M. Lecoq est certainement patient, mais non autant qu’on le pourrait croire. Crispé par l’allure du récit, il posa à terre son sac de nuit et, saisissant le bras de Baptiste de la main droite, pendant que de la gauche il faisait siffler un petit jonc très-flexible, à assommoir de vermeil qui ne le quitte jamais :

— Mon garçon, fit-il, je t’engage, là, sérieusement à te dépêcher…

Il ne dit que cela. Et le domestique, qu’on ne gronde jamais, eut une peur terrible de ce petit homme blond, à voix singulière, à poigne plus dure qu’un étau.

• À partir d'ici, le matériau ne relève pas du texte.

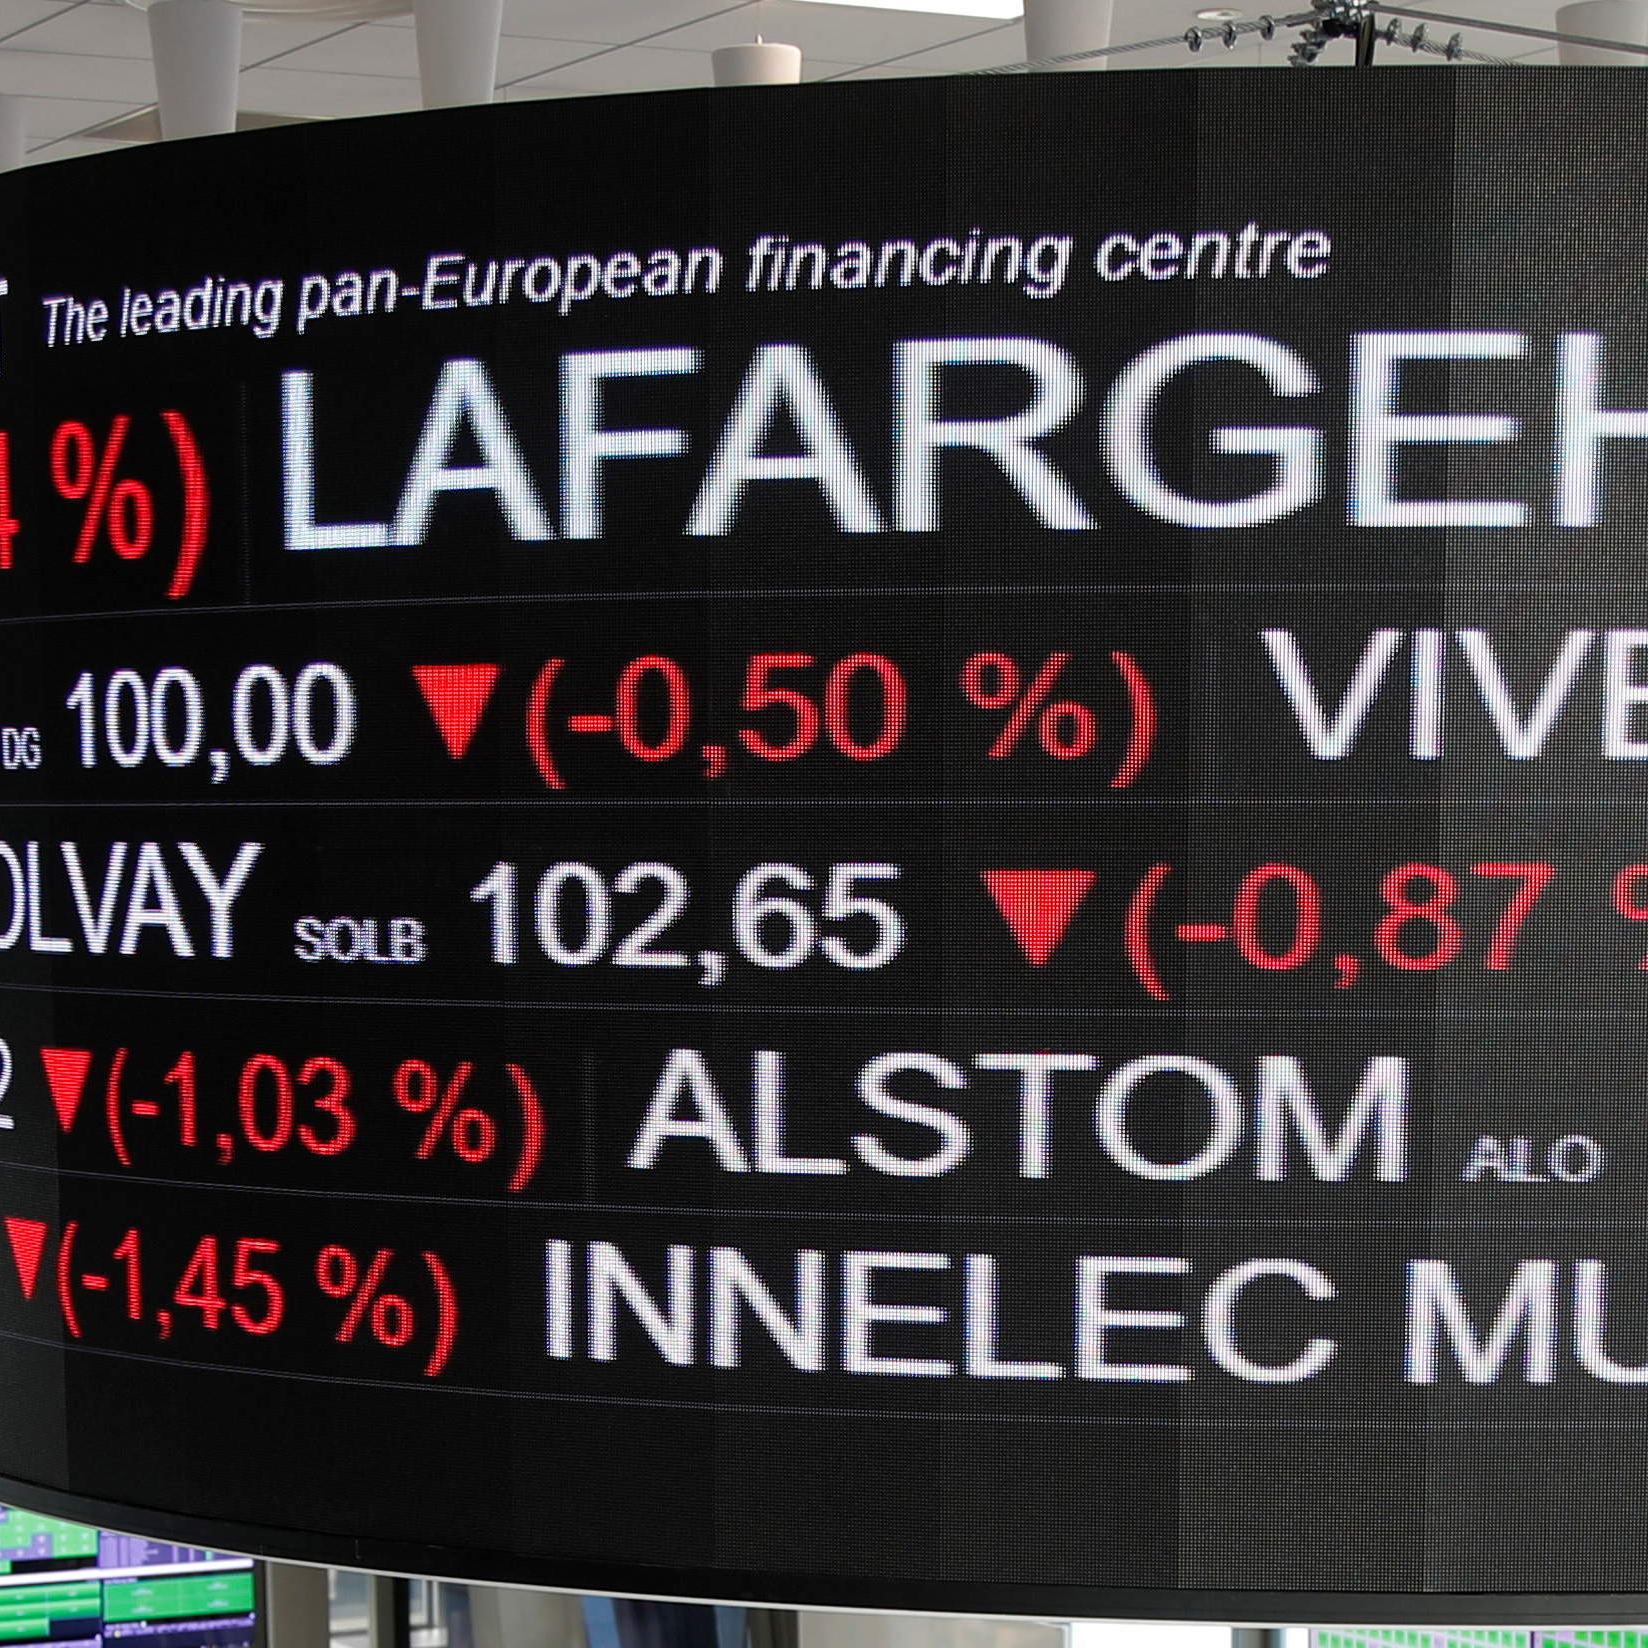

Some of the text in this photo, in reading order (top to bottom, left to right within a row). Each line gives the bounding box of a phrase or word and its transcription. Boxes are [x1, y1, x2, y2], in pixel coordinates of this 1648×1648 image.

Il reprit donc très-vite cette fois, l’œil fixé sur le jonc de M. Lecoq :

— Monsieur venait d’avoir une attaque. Voilà la maison en l’air. Tout le monde perd la tête, sauf moi ; l’idée d’un médecin me vient et je cours chercher quelqu’un, M. Gendron, que je savais au château, ou le docteur d’ici, ou le pharmacien, n’importe qui. Un bonheur ! Juste au coin de la rue, je rencontre Robelot, le rebouteux. « — Toi, lui dis-je, tu vas me suivre. » Il me suit, il écarte les autres qui soignaient Monsieur, et il le saigne aux deux bras. Un petit moment après, Monsieur a respiré, ensuite il a ouvert les yeux, enfin il a parlé. Maintenant, il est bien revenu, il est étendu sur un des canapés du salon, pleurant toutes les larmes de son corps. Il m’a dit qu’il voulait voir monsieur le juge de paix, et moi, aussitôt…

— Et… mademoiselle Laurence ?… demanda le père Plantat avec des larmes dans la voix.

Baptiste prit une pose tragique.

— Ah ! messieurs, fit-il, ne m’en parlez pas… c’est navrant !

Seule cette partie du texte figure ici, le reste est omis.